Friday, December 20, 2024

In darkest Florida

There seem to have been a few movies called The Chase. The one from 1946 is quite memorable. 

Bob Cummings, whom I've seen in a couple of things before, is a down-on-his-luck veteran. He finds a wallet full of cash in the street with an address in it. He returns it to its owner, who lives in a gaudy mansion outside Miami. The owner is played by Steve Cochran, who I didn't know at all. Said owner likes Bob Cummings and hires him as a chauffeur. Which is kind of bad news because Steve Cochran is a full-on psychopath who will kill you just for breathing his air. See the limo he's tricked out with a secret accelerator in the back seat.
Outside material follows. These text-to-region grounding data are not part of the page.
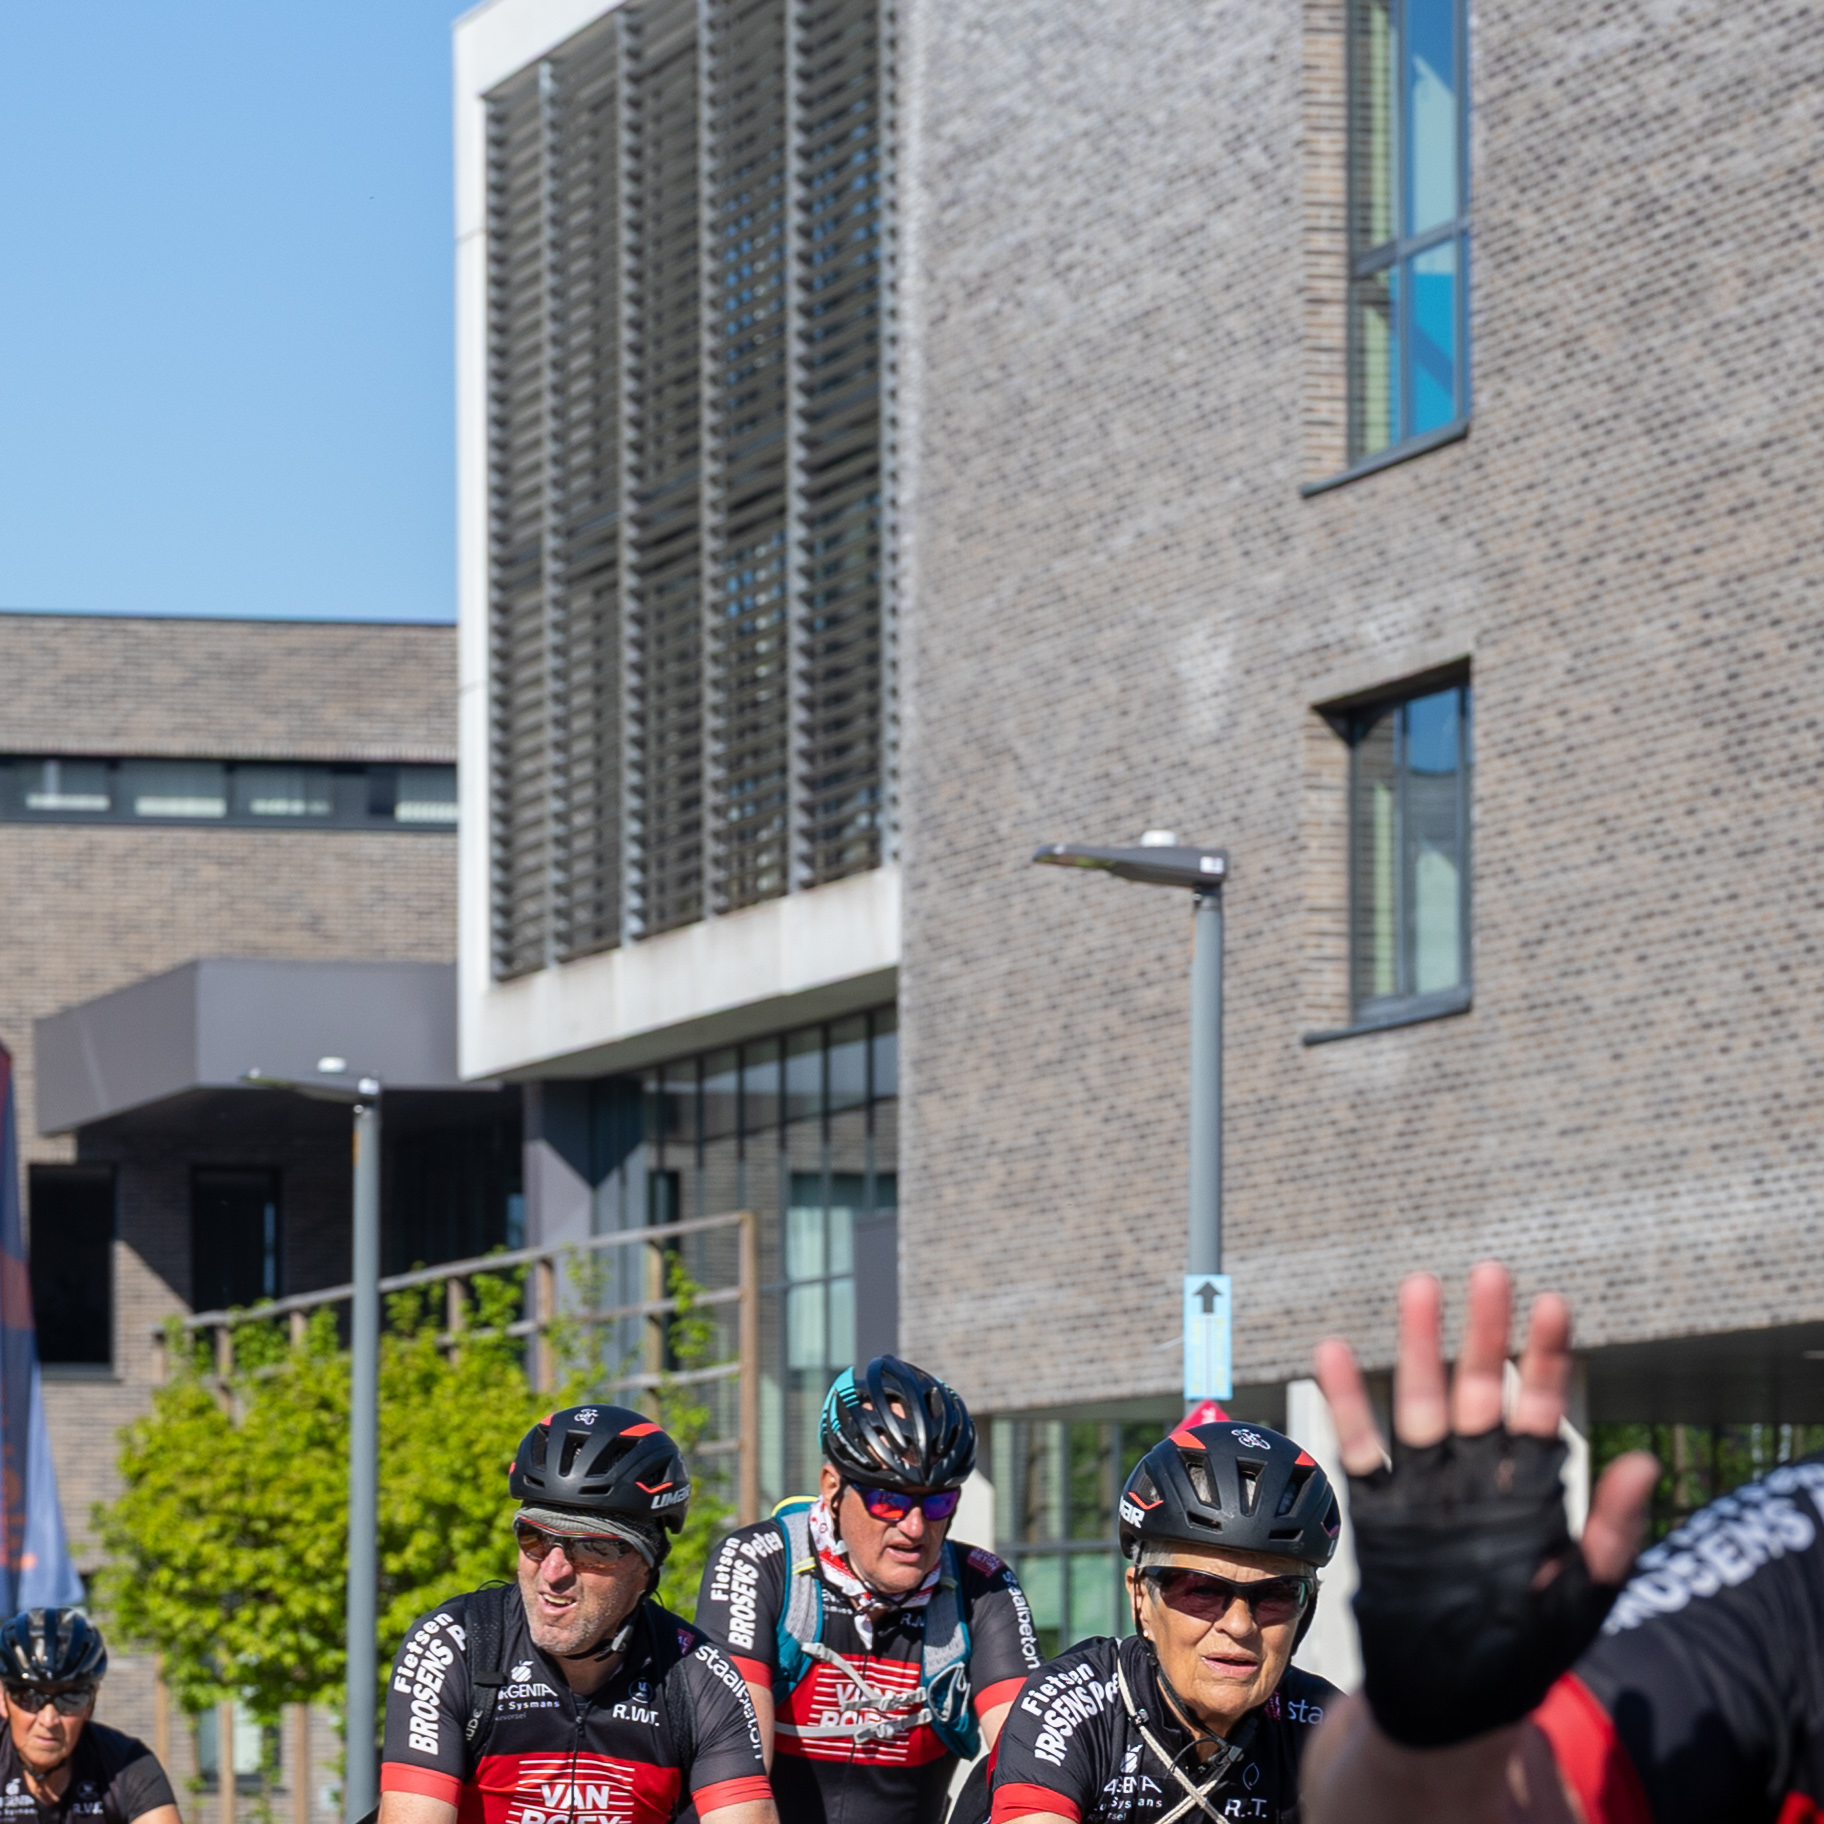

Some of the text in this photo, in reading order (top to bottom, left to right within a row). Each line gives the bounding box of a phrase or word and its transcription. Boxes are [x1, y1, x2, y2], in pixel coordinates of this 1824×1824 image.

[394, 1612, 454, 1695] Fietsen
[408, 1638, 454, 1757] BROSENS
[1021, 1662, 1095, 1717] Fietsen
[540, 1784, 610, 1811] VAN
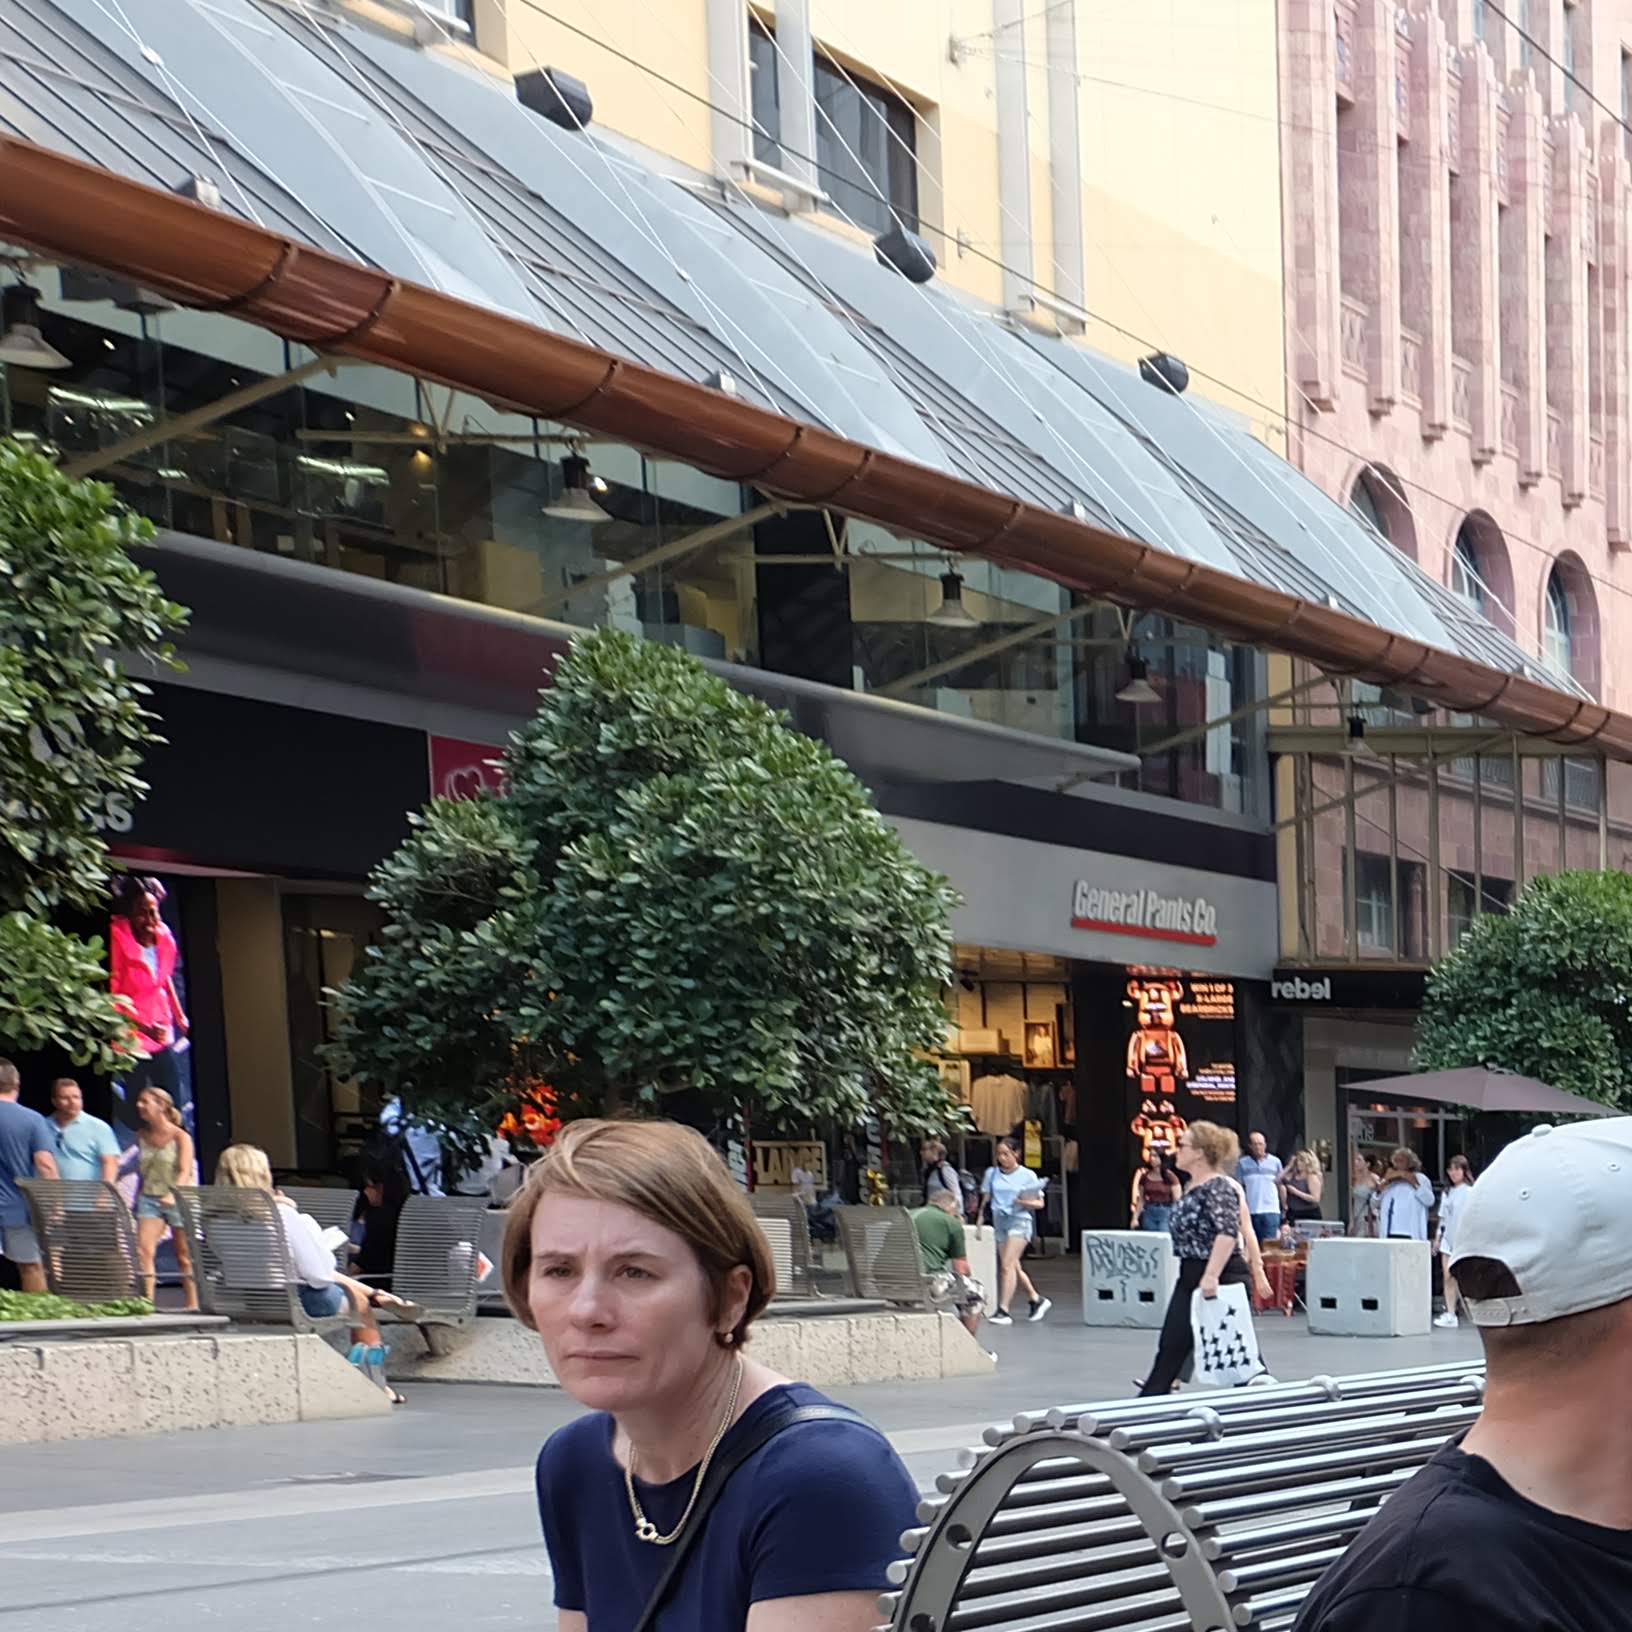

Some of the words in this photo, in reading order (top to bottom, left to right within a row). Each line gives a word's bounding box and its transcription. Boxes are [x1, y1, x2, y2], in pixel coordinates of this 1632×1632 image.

[1074, 879, 1144, 926] General
[1146, 890, 1192, 933] Pants
[1193, 898, 1218, 936] Co.
[1271, 976, 1332, 1000] rebel
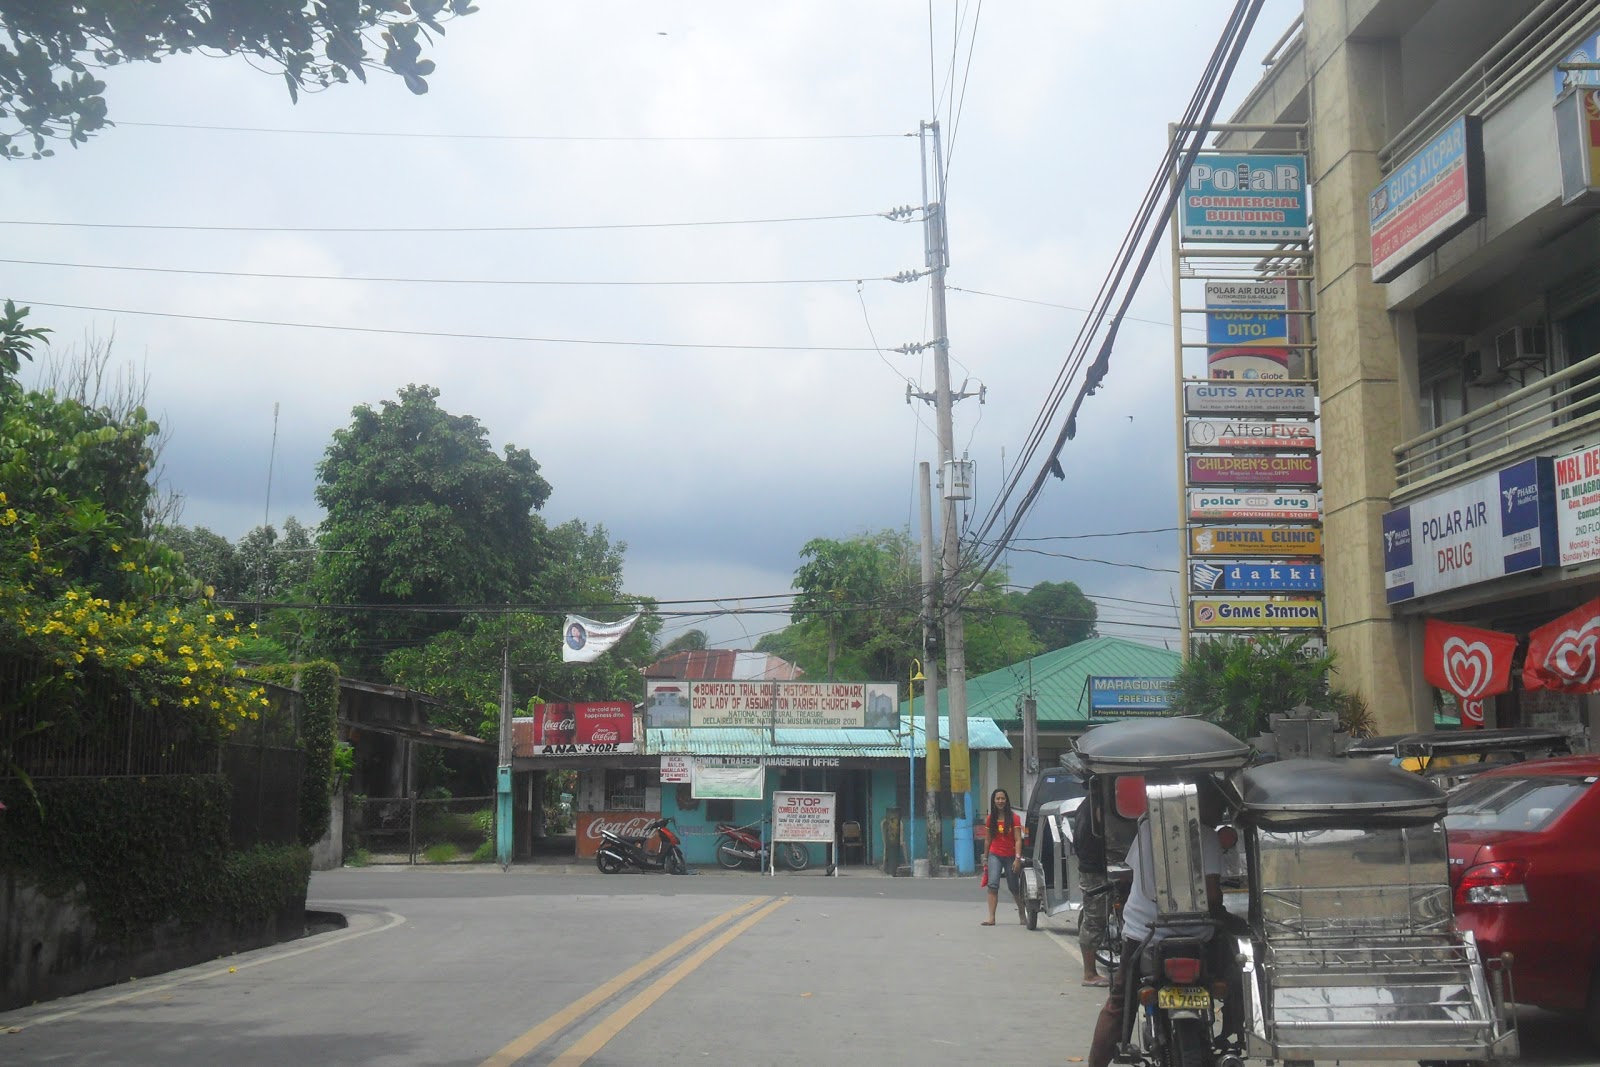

Or his browbeaten wife (Michèle Morgan) yearning for escape.

The Chase is adapted from a novel by Cornell Woolrich, who would also provide the basis of Hitchcock's Rear Window a few years later. Unlike some noir it's got very little patter or overt humor. The only actor who gets to be funny is Peter Lorre, who's also the second most evil character. But it's got an unnerving intensity. There's also a headspinning twist that happens not quite at the end.

2 comments:

susan said...

The odd thing is that we've seen this movie but don't recall much about it. What we remembered immediately was the guy in the backseat who had his own gas peddle override. Now that was very weird. The other odd thing was the casting of Bob Cummings in the part of the veteran since my main memory of him was when he starred in the comedy television series the Bob Cummings Show in the 50s. Somehow having him appear in a dramatic role was a bit disconcerting.

Then I watched a few outtake videos and remembered the rest. Peter Lorre was a deadpanned genius in all his movie roles. He really was a scene stealer. The mansion set was pretty outrageous too being all in white with draperies and classical plaster statues. Cochrane made a very nasty gangster and there were some other very bizarre characters: "The horse is tired". And the old gypsy woman in the curio shop with Peter Lorre - she should have been more careful about her intention to tell.

Bob Cummings dream? In truth the whole film was pretty strange but definitely a 'noir' original.

Ben said...

If you've seen a lot of movies it's understandable that the details on some number of them will start to blur. But yeah, that gas override was weird. I wonder if cars were ever actually marketed with that feature. Of course the guy's need for speed wound up being his downfall. An interesting thing about Bob Cummings is that in his early years he worked under a couple of fake names and pretended to be British. In the main he seems to have always been considered a light comedy actor but Hitchcock used him a couple of times.

The mansion, like the trophy wife, is meant to project a certain image. Still, it is a quite dazzling place. Peter Lorre was a unique talent, and he's always worth watching. And there's a business rival who gets a nasty end thanks to Cochrane's character. Should have just skedaddled much earlier.

The thing about the lady in the curio shop is, does she even exist? She only appears as part of that elaborate fantasy. Cummings's break from reality and his chat with the old Navy shrink was current for the immediate postwar time, but it's also undeniably strange. The movie goes to odd places in general.